┌──

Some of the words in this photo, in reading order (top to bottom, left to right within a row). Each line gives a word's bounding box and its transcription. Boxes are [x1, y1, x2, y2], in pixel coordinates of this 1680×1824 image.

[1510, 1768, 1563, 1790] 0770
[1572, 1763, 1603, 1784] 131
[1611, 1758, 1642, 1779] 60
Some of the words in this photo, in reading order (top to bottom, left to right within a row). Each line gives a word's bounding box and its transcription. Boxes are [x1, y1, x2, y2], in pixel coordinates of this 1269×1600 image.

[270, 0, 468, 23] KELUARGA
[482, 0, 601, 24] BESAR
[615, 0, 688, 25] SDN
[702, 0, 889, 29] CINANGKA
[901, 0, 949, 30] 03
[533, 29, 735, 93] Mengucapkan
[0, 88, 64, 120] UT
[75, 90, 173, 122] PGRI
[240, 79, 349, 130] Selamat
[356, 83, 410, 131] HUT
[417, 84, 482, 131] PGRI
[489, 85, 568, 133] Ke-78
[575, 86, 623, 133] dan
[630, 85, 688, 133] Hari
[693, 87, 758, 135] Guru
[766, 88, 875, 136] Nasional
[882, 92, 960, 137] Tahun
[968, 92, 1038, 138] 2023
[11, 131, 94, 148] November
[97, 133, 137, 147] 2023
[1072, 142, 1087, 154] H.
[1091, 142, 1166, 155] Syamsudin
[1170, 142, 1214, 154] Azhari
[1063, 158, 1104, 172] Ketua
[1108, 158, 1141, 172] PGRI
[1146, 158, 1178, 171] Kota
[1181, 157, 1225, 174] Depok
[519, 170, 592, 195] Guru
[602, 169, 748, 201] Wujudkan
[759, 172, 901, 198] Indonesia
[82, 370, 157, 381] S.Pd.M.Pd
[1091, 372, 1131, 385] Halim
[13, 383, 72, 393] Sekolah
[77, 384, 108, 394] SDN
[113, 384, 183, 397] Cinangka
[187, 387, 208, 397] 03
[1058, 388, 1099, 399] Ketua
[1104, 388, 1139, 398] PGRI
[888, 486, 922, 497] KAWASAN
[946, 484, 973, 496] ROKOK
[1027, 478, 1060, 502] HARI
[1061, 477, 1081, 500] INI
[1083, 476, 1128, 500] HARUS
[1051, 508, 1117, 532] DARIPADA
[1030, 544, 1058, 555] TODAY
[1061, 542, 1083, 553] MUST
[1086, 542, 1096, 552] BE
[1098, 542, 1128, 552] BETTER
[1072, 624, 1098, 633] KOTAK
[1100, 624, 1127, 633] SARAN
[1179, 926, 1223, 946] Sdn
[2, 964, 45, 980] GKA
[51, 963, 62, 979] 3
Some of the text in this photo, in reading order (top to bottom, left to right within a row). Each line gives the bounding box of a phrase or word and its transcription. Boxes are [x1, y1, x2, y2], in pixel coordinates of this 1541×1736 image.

└──

▶ _Instructions for the task_:
The records above must be output exactly, in full.

▶ _Task solution_:
Some of the words in this photo, in reading order (top to bottom, left to right within a row). Each line gives a word's bounding box and its transcription. Boxes are [x1, y1, x2, y2], in pixel coordinates of this 1680×1824 image.

[1510, 1768, 1563, 1790] 0770
[1572, 1763, 1603, 1784] 131
[1611, 1758, 1642, 1779] 60
Some of the words in this photo, in reading order (top to bottom, left to right within a row). Each line gives a word's bounding box and its transcription. Boxes are [x1, y1, x2, y2], in pixel coordinates of this 1269×1600 image.

[270, 0, 468, 23] KELUARGA
[482, 0, 601, 24] BESAR
[615, 0, 688, 25] SDN
[702, 0, 889, 29] CINANGKA
[901, 0, 949, 30] 03
[533, 29, 735, 93] Mengucapkan
[0, 88, 64, 120] UT
[75, 90, 173, 122] PGRI
[240, 79, 349, 130] Selamat
[356, 83, 410, 131] HUT
[417, 84, 482, 131] PGRI
[489, 85, 568, 133] Ke-78
[575, 86, 623, 133] dan
[630, 85, 688, 133] Hari
[693, 87, 758, 135] Guru
[766, 88, 875, 136] Nasional
[882, 92, 960, 137] Tahun
[968, 92, 1038, 138] 2023
[11, 131, 94, 148] November
[97, 133, 137, 147] 2023
[1072, 142, 1087, 154] H.
[1091, 142, 1166, 155] Syamsudin
[1170, 142, 1214, 154] Azhari
[1063, 158, 1104, 172] Ketua
[1108, 158, 1141, 172] PGRI
[1146, 158, 1178, 171] Kota
[1181, 157, 1225, 174] Depok
[519, 170, 592, 195] Guru
[602, 169, 748, 201] Wujudkan
[759, 172, 901, 198] Indonesia
[82, 370, 157, 381] S.Pd.M.Pd
[1091, 372, 1131, 385] Halim
[13, 383, 72, 393] Sekolah
[77, 384, 108, 394] SDN
[113, 384, 183, 397] Cinangka
[187, 387, 208, 397] 03
[1058, 388, 1099, 399] Ketua
[1104, 388, 1139, 398] PGRI
[888, 486, 922, 497] KAWASAN
[946, 484, 973, 496] ROKOK
[1027, 478, 1060, 502] HARI
[1061, 477, 1081, 500] INI
[1083, 476, 1128, 500] HARUS
[1051, 508, 1117, 532] DARIPADA
[1030, 544, 1058, 555] TODAY
[1061, 542, 1083, 553] MUST
[1086, 542, 1096, 552] BE
[1098, 542, 1128, 552] BETTER
[1072, 624, 1098, 633] KOTAK
[1100, 624, 1127, 633] SARAN
[1179, 926, 1223, 946] Sdn
[2, 964, 45, 980] GKA
[51, 963, 62, 979] 3
Some of the text in this photo, in reading order (top to bottom, left to right within a row). Each line gives the bounding box of a phrase or word and its transcription. Boxes are [x1, y1, x2, y2], in pixel coordinates of this 1541×1736 image.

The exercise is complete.